→ **Exercise objective**:
Each record should reappear exactly in your answer, minus any picture.

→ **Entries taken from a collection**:
——————

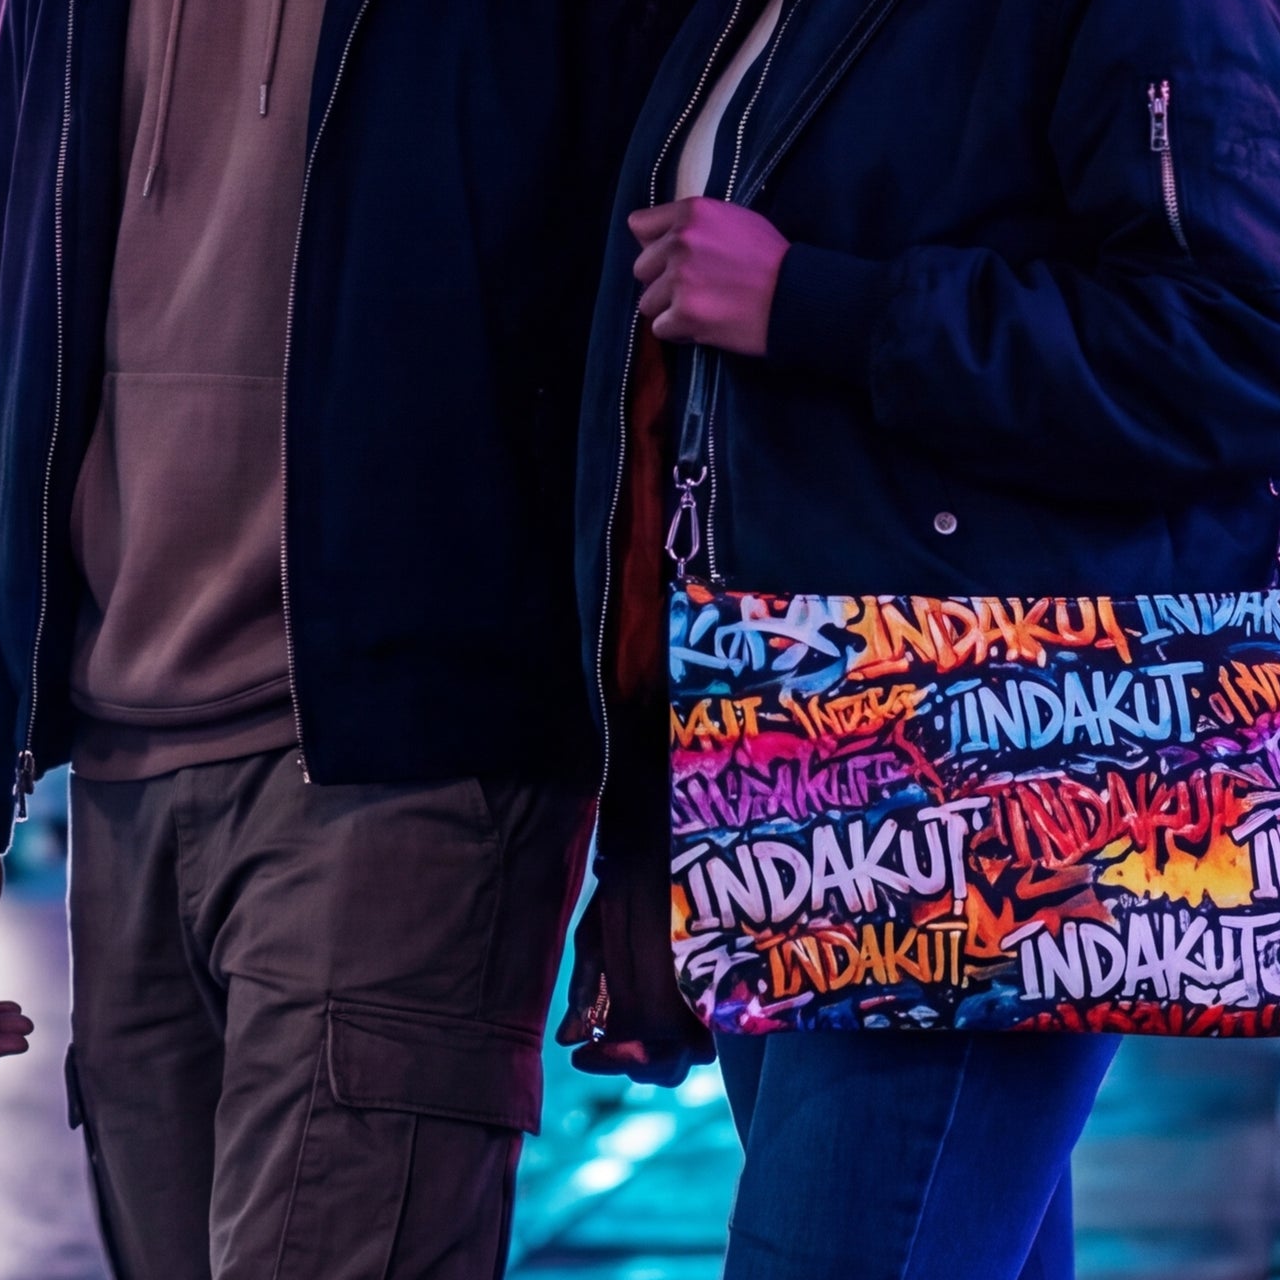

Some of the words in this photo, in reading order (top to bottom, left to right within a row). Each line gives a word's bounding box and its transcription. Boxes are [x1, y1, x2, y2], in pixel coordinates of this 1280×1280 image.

[946, 661, 1204, 754] INDAKUT
[671, 797, 991, 931] INDAKUT
[756, 921, 969, 999] INDAKUT
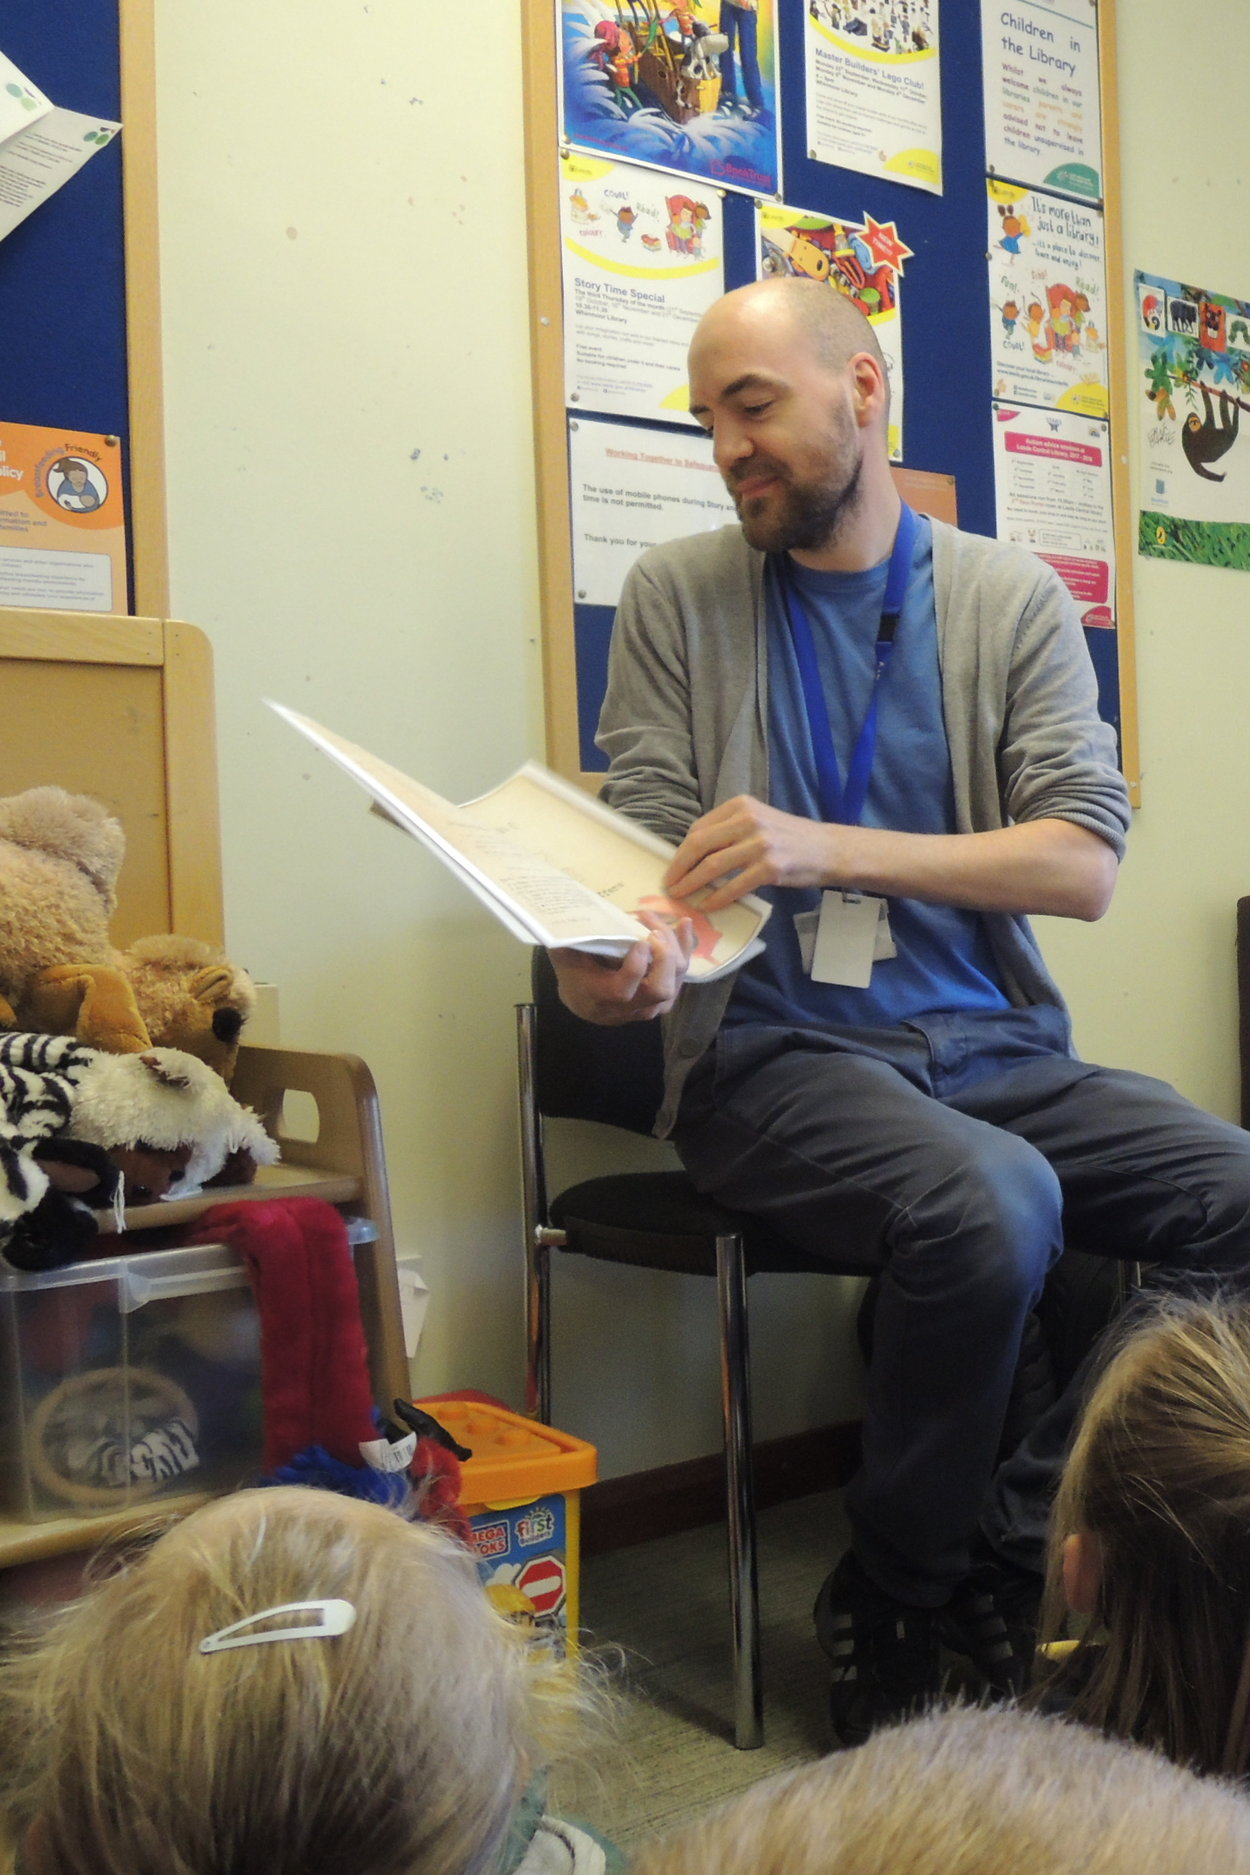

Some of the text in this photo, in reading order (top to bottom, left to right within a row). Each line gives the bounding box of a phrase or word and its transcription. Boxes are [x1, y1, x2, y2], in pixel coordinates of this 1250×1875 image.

——————

→ **Finished exercise**:
Some of the words in this photo, in reading order (top to bottom, left to right within a row). Each line gives a word's bounding box and its transcription. Boxes are [x1, y1, x2, y2], in pixel coordinates of this 1280×1280 image.

[946, 661, 1204, 754] INDAKUT
[671, 797, 991, 931] INDAKUT
[756, 921, 969, 999] INDAKUT

Some of the text in this photo, in reading order (top to bottom, left to right within a row). Each line gives the bounding box of a phrase or word and its transcription. Boxes are [x1, y1, x2, y2], in pixel coordinates of this 1250×1875 image.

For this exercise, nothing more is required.